特定のタスクやドメインにLLM判定器を適応させる場合、複数の評価基準を同時に最適化するためにプロンプトを調整することが多い。テキスト勾配法は単一の判定基準に対してこのプロセスを自動化するが、自然言語による批評を生成するものであり、数値ベクトルを出力するわけではない。したがって、マルチタスク学習における競合解決の手法（PCGrad、MGDA）は、多目的テキスト勾配設定には適用できない。我々は、損失、勾配、および最適化LLMが共有するタスク間情報の程度を変化させることで、テキスト勾配最適化器の5つの分解モードを検証した。10の構成のうち6つにおいて、最適化が初期プロンプトを改善しないことを観察した。勾配LLMが複数の基準を同時に処理する場合、勾配の特異性は59%低下した（9.0から3.7へ）。また、タスクごとの指示を単一のプロンプトに単純に統合すると、スピアマンのρが-5.3%低下することを別途観察した。これらの結果は、最適化時の勾配希釈と推論時の命令干渉という2つの分離可能な障害モードを特定するものであり、これらがテキストフィードバックを用いた多目的判定器カスタマイズの設計空間を制約する。

English

Customizing an LLM judge to a specific task or domain often involves optimizing its prompt across multiple evaluation criteria simultaneously. Textual gradient methods automate this for a single judge criterion, however they produce natural-language critiques, not numerical vectors.

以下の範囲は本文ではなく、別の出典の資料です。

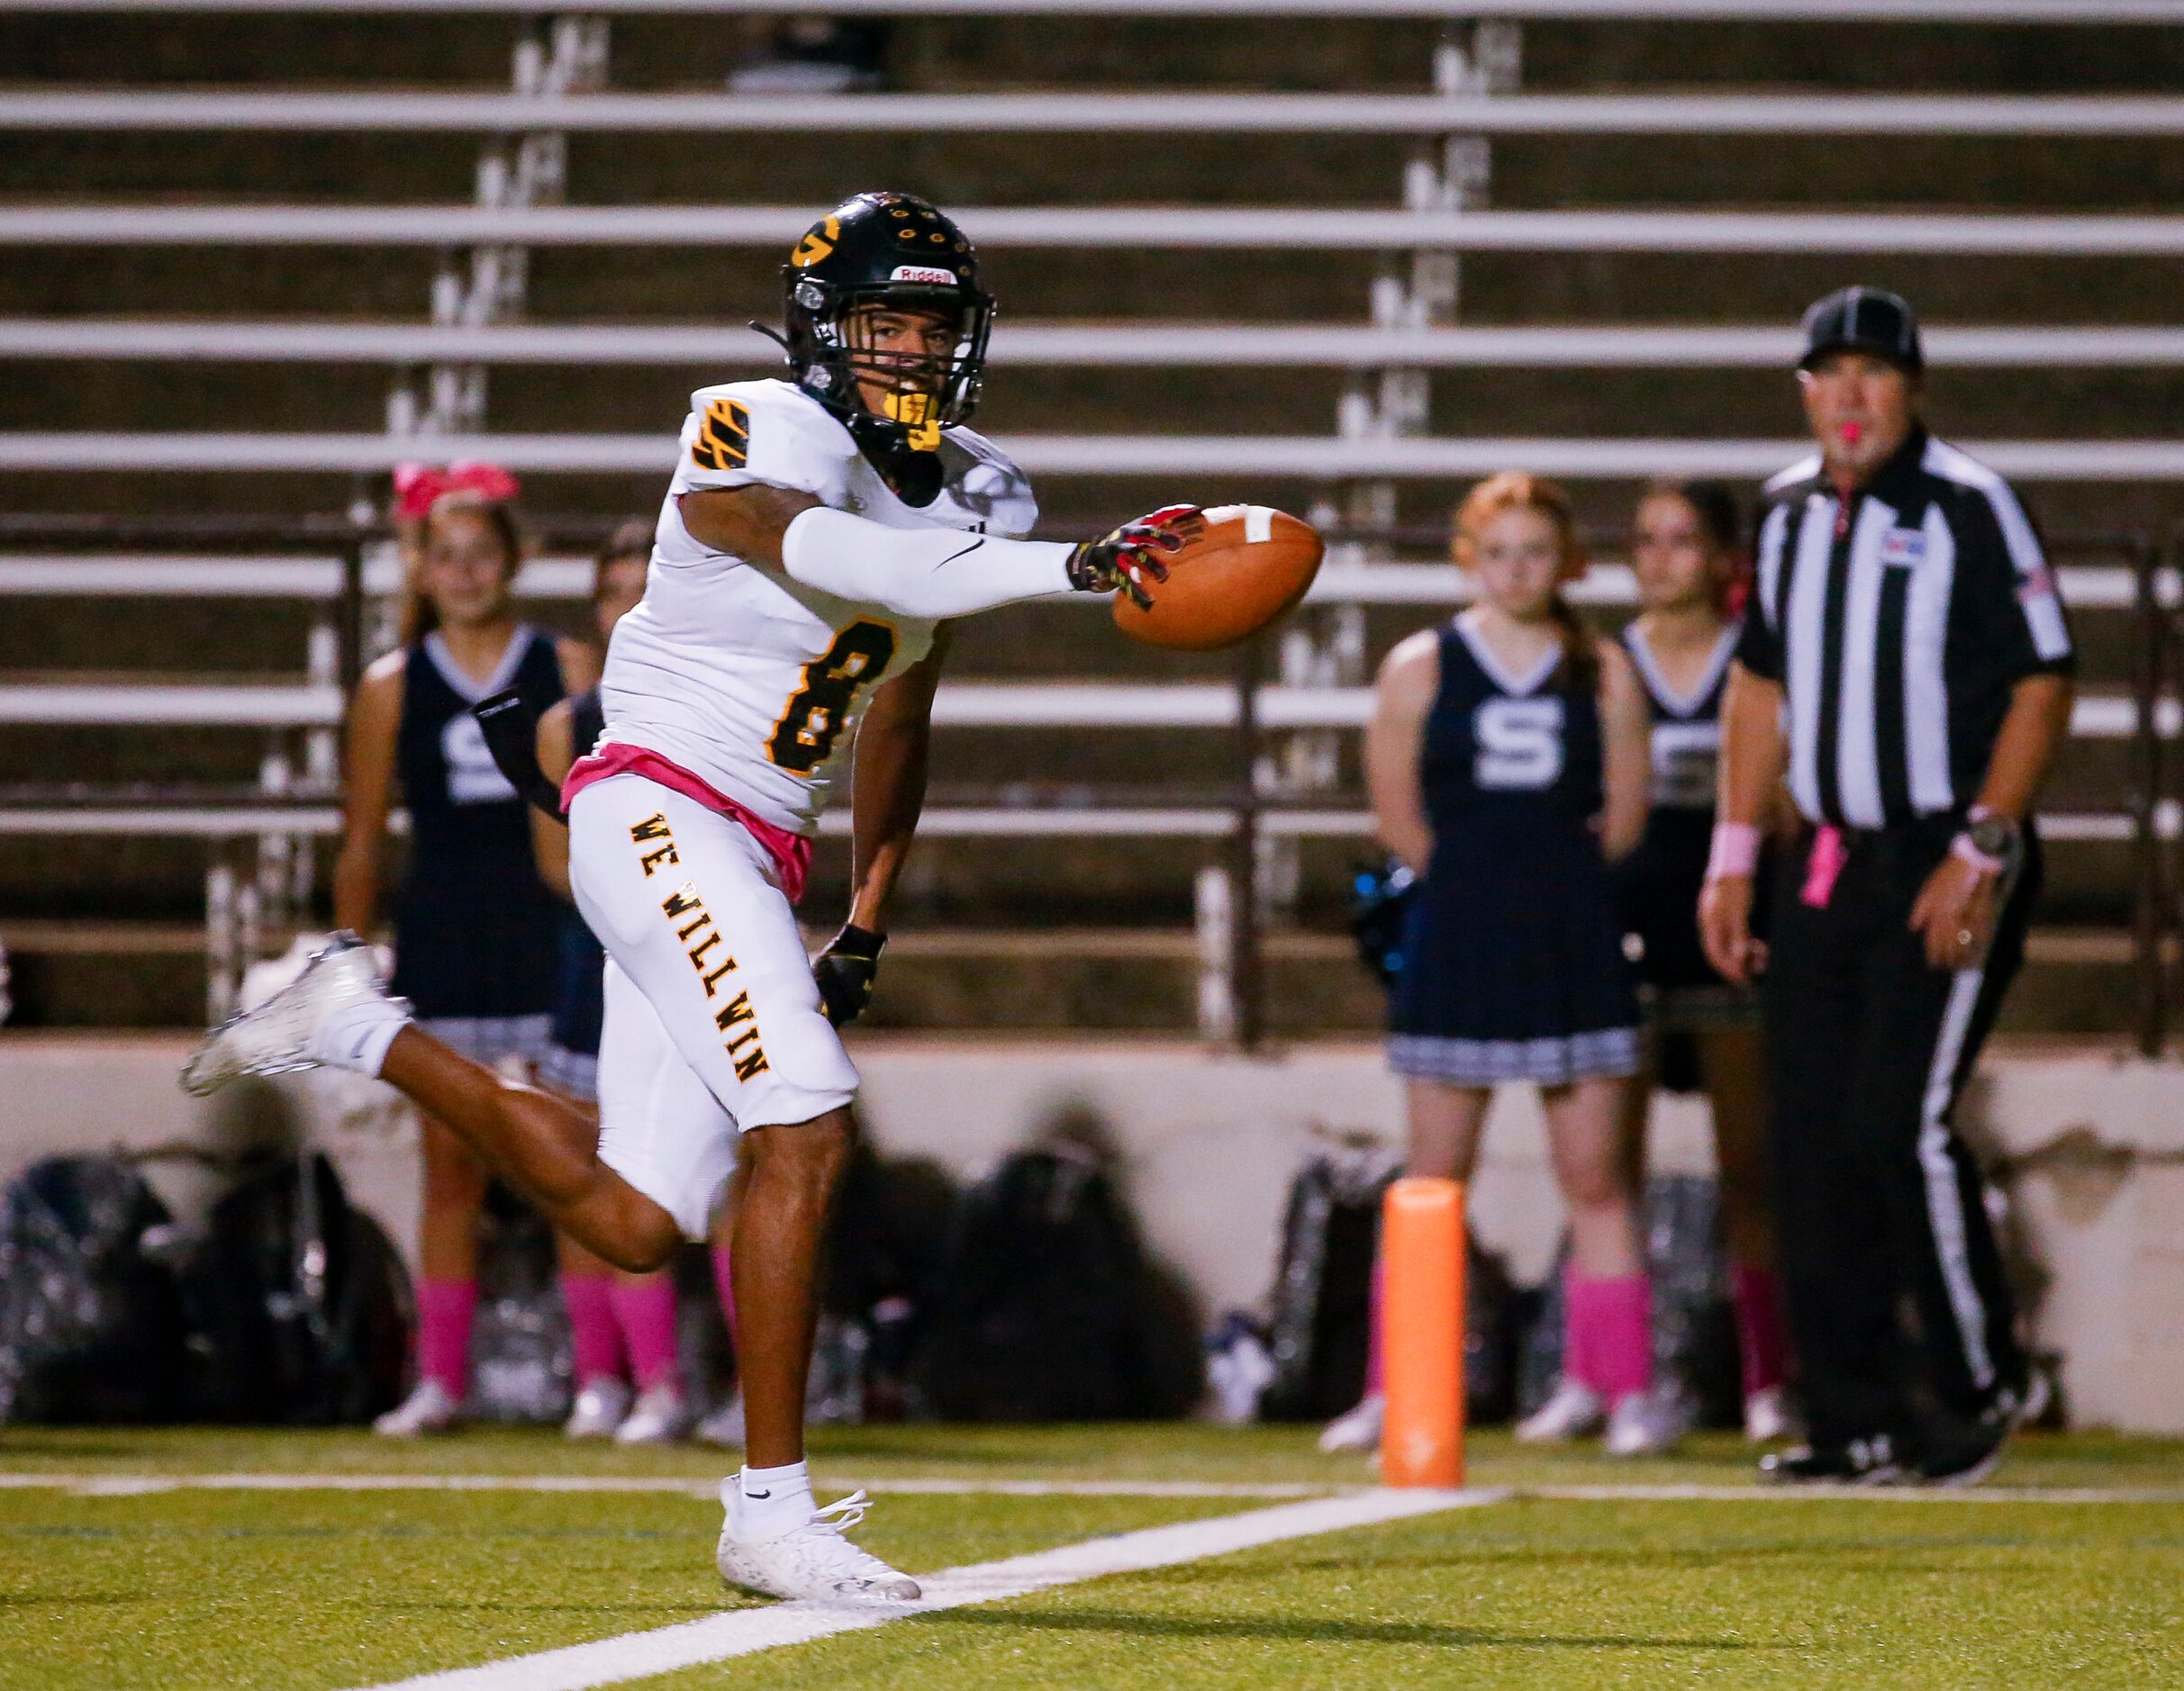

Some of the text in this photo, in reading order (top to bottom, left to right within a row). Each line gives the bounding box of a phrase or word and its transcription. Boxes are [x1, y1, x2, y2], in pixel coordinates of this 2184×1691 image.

Thus, the conflict-resolution toolkit of multi-task learning (PCGrad, MGDA) doesn't apply to the multi-objective textual gradient setting. We test five decomposition modes of textual gradient optimizers by varying how much cross-task information the loss, gradient and optimizer LLMs share. In 6 of 10 configurations, we observe that optimization never improves over the initial prompt. Gradient specificity drops by 59% (from 9.0 to 3.7) when the gradient LLM processes multiple criteria jointly. Separately, we observe that naively combining per-task instructions into a single prompt degrades Spearman's rho by -5.3%. These results identify two separable failure modes: optimization-time gradient dilution and inference-time instruction interference, which together constrain the design space for multi-objective judge customization using textual feedback.